■ WORK TASK: Each line from the one that has "Some of the words" through the end of the entries below must be written out exactly; leave out all other lines.

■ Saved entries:
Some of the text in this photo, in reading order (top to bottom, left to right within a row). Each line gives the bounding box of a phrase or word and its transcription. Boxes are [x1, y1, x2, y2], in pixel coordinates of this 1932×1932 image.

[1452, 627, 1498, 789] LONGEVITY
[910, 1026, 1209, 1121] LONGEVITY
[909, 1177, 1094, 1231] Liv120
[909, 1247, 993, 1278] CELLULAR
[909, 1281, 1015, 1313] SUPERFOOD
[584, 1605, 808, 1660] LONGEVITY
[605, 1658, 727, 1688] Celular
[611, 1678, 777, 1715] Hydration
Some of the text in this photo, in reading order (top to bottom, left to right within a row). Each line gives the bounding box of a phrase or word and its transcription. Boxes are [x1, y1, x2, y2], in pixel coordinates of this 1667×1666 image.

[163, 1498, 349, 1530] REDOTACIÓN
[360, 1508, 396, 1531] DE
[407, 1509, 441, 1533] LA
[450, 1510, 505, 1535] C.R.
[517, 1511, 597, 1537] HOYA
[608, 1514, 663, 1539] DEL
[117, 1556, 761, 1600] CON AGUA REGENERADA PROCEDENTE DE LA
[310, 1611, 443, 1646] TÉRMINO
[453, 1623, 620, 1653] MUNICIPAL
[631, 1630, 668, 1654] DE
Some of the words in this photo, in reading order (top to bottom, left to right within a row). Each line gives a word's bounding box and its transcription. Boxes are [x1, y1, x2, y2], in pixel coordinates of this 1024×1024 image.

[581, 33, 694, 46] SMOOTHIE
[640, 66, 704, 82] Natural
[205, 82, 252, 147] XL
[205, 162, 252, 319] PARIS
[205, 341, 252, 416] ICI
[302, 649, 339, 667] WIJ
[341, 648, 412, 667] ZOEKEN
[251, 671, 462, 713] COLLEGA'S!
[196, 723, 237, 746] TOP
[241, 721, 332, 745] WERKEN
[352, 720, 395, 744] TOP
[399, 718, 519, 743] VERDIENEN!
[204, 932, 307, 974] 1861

■ EXERCISE SOLUTION:
Some of the words in this photo, in reading order (top to bottom, left to right within a row). Each line gives a word's bounding box and its transcription. Boxes are [x1, y1, x2, y2], in pixel coordinates of this 1024×1024 image.

[581, 33, 694, 46] SMOOTHIE
[640, 66, 704, 82] Natural
[205, 82, 252, 147] XL
[205, 162, 252, 319] PARIS
[205, 341, 252, 416] ICI
[302, 649, 339, 667] WIJ
[341, 648, 412, 667] ZOEKEN
[251, 671, 462, 713] COLLEGA'S!
[196, 723, 237, 746] TOP
[241, 721, 332, 745] WERKEN
[352, 720, 395, 744] TOP
[399, 718, 519, 743] VERDIENEN!
[204, 932, 307, 974] 1861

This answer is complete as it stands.